Economy

RBI maintains status quo on repo rate: A balancing act between growth and stability

Asia / India0 views1 min
RBI maintains status quo on repo rate: A balancing act between growth and stability

The Reserve Bank of India’s Monetary Policy Committee (MPC) held the repo rate steady at 5.25 percent on June 5, 2026, citing stable CPI inflation at 3.5 percent but warning of rising risks from rupee depreciation and geopolitical tensions. The RBI revised its FY27 CPI inflation forecast upward to 5.1 percent and downgraded GDP growth to 6.6 percent, reflecting concerns over imported inflation and volatile oil prices.
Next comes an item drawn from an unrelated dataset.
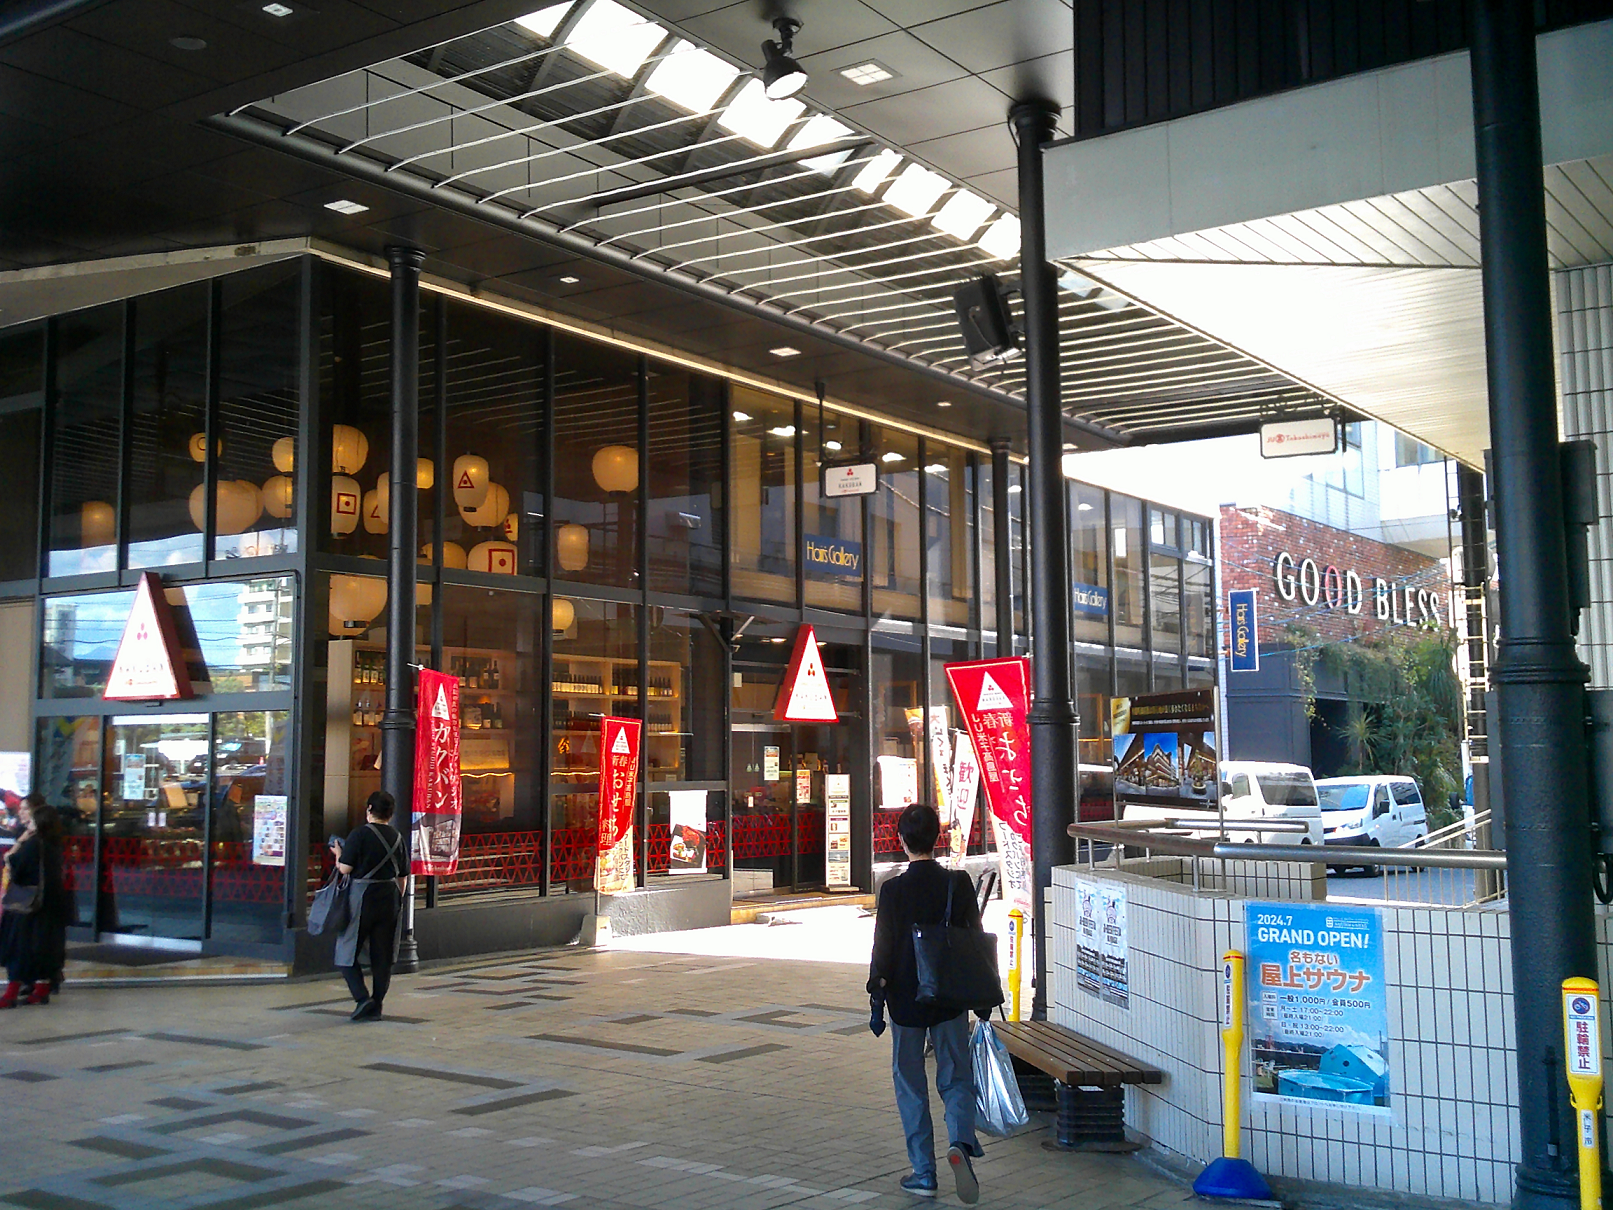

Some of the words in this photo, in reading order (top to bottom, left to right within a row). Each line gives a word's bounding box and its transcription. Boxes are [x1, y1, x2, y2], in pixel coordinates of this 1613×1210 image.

The Reserve Bank of India’s Monetary Policy Committee (MPC) decided on June 5, 2026, to maintain the policy repo rate unchanged at 5.25 percent, adopting a neutral stance within its flexible inflation-targeting framework. With headline Consumer Price Index (CPI) inflation at 3.5 percent in April 2026—below the 4 percent target—the MPC balanced growth considerations against rising global and domestic uncertainties, including a weakening rupee and geopolitical tensions. The decision aims to support economic activity by keeping borrowing costs manageable for businesses and easing the interest burden on public debt amid elevated fiscal deficits. However, the MPC acknowledged external risks, such as rupee depreciation and volatile global oil prices, which could strain inflation stability. India’s economy has shown resilience due to strong domestic demand and ongoing reforms, but emerging imbalances—including a sharp rise in Wholesale Price Index (WPI) inflation to 8.3 percent in April—signal potential future pass-through effects to retail prices. Core inflation remains firm, particularly in services, while food prices face supply-driven upside risks. The RBI updated its projections for FY27, raising CPI inflation to 5.1 percent from earlier estimates and downgrading real GDP growth to 6.6 percent from 6.9 percent. The revision reflects risks from imported inflation, possible monsoon variations, and second-round effects, alongside a baseline Brent crude oil price assumption of $95 per barrel for the fiscal year. The MPC’s approach prioritizes stability while leaving room for future adjustments if inflationary expectations worsen. The monetary policy corridor remains symmetrical, with the Marginal Standing Facility (MSF) rate at 5.50 percent and the Standing Deposit Facility (SDF) rate at 5.00 percent, ensuring liquidity flexibility for banks.